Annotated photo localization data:
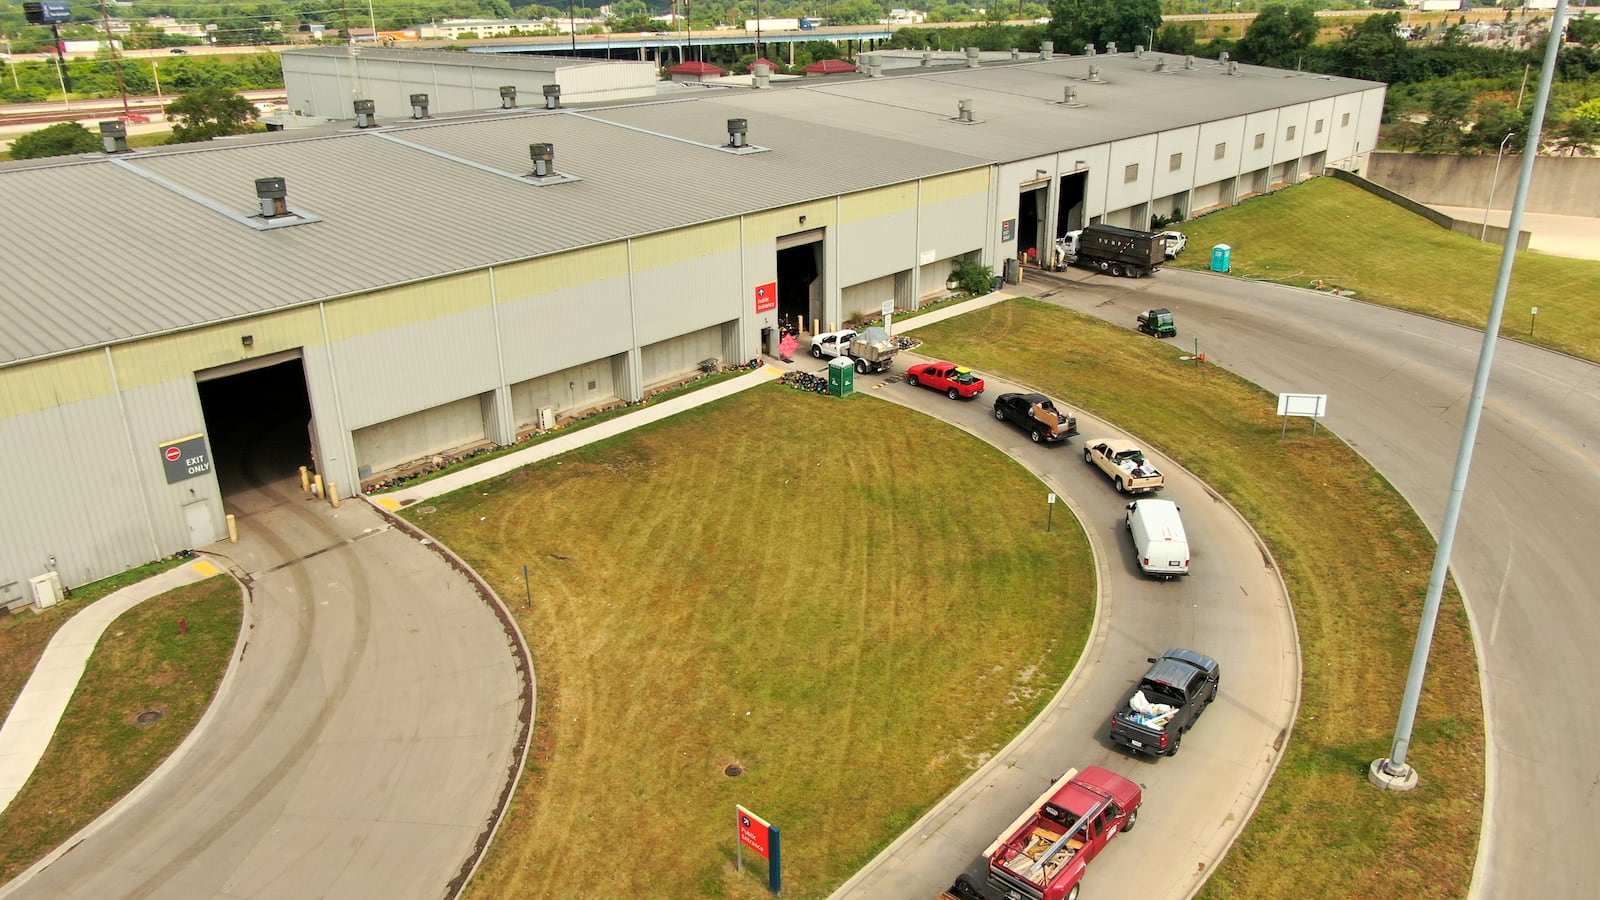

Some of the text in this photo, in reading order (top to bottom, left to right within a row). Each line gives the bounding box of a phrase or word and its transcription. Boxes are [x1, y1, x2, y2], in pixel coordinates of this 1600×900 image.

[186, 455, 204, 466] EXIT
[188, 463, 209, 474] ONLY
[741, 826, 757, 841] Public
[741, 833, 764, 852] Entrance

▸ Work to complete: All of the lines above should be retyped precisely, apart from the pictures.

▸ Expected answer:
Some of the text in this photo, in reading order (top to bottom, left to right within a row). Each line gives the bounding box of a phrase or word and its transcription. Boxes are [x1, y1, x2, y2], in pixel coordinates of this 1600×900 image.

[186, 455, 204, 466] EXIT
[188, 463, 209, 474] ONLY
[741, 826, 757, 841] Public
[741, 833, 764, 852] Entrance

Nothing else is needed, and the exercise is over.